● **What needs to be done**: Set every entry down again exactly, excluding any pictures.

Start of Exercise inputs

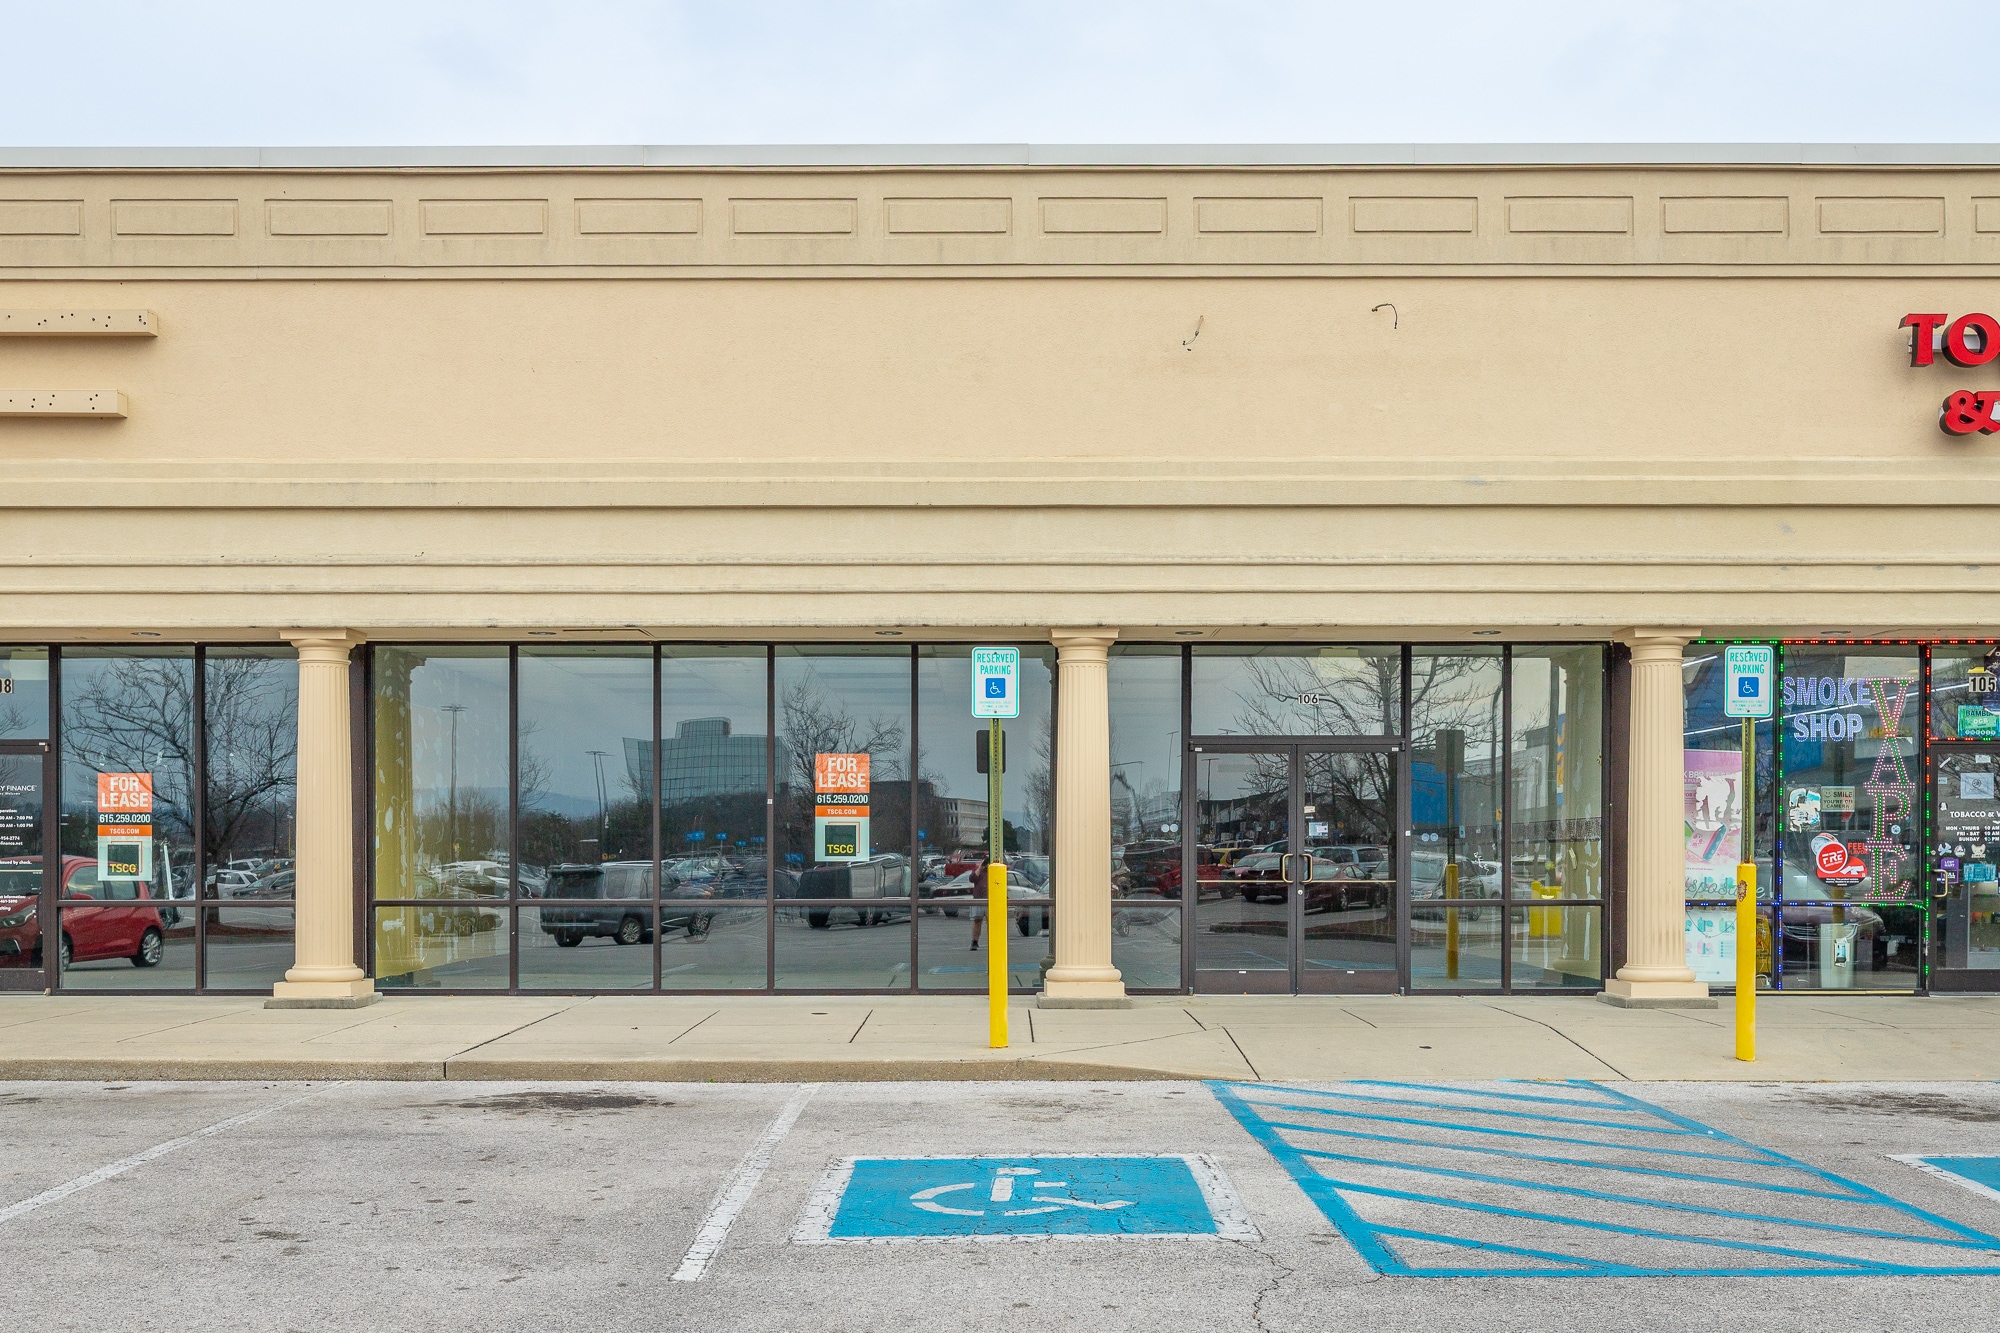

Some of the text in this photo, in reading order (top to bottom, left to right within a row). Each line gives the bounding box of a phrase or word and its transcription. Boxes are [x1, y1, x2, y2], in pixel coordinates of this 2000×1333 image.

[1899, 313, 2000, 367] TO
[977, 653, 1014, 663] RESERVED
[1730, 652, 1768, 662] RESERVED
[980, 665, 1011, 675] PARKING
[1733, 664, 1765, 674] PARKING
[1783, 677, 1872, 706] SMOKE
[1971, 677, 1996, 692] 105
[1299, 694, 1318, 704] 106
[1793, 713, 1863, 742] SHOP
[828, 757, 857, 773] FOR
[110, 776, 139, 792] FOR
[819, 773, 866, 788] LEASE
[1864, 676, 1915, 900] VAPE
[101, 792, 149, 808] LEASE
[817, 794, 868, 804] 615.259.0200
[100, 814, 150, 823] 615.259.0200
[827, 844, 853, 854] TSCG
[1822, 850, 1844, 865] FRE
[110, 863, 137, 873] TSCG
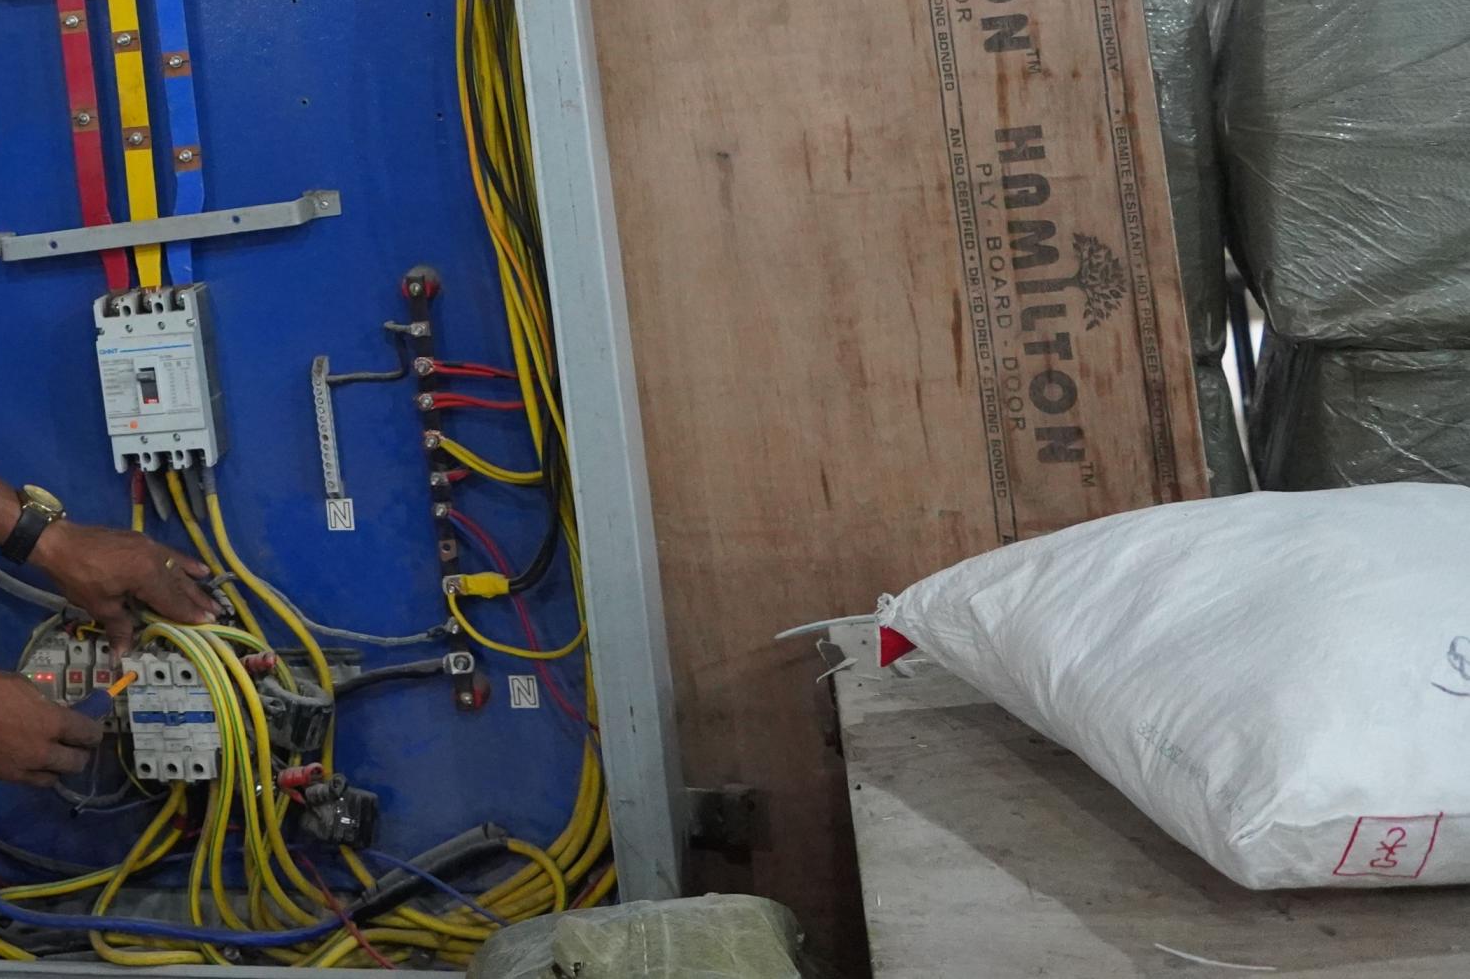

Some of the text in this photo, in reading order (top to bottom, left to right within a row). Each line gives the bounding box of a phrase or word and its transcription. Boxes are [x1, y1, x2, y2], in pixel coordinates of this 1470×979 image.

End of Exercise inputs

● **Exercise output**:
Some of the text in this photo, in reading order (top to bottom, left to right within a row). Each line gives the bounding box of a phrase or word and its transcription. Boxes are [x1, y1, x2, y2], in pixel coordinates of this 2000×1333 image.

[1899, 313, 2000, 367] TO
[977, 653, 1014, 663] RESERVED
[1730, 652, 1768, 662] RESERVED
[980, 665, 1011, 675] PARKING
[1733, 664, 1765, 674] PARKING
[1783, 677, 1872, 706] SMOKE
[1971, 677, 1996, 692] 105
[1299, 694, 1318, 704] 106
[1793, 713, 1863, 742] SHOP
[828, 757, 857, 773] FOR
[110, 776, 139, 792] FOR
[819, 773, 866, 788] LEASE
[1864, 676, 1915, 900] VAPE
[101, 792, 149, 808] LEASE
[817, 794, 868, 804] 615.259.0200
[100, 814, 150, 823] 615.259.0200
[827, 844, 853, 854] TSCG
[1822, 850, 1844, 865] FRE
[110, 863, 137, 873] TSCG

Some of the text in this photo, in reading order (top to bottom, left to right within a row). Each line gives the bounding box of a phrase or word and its transcription. Boxes are [x1, y1, x2, y2], in pixel coordinates of this 1470×979 image.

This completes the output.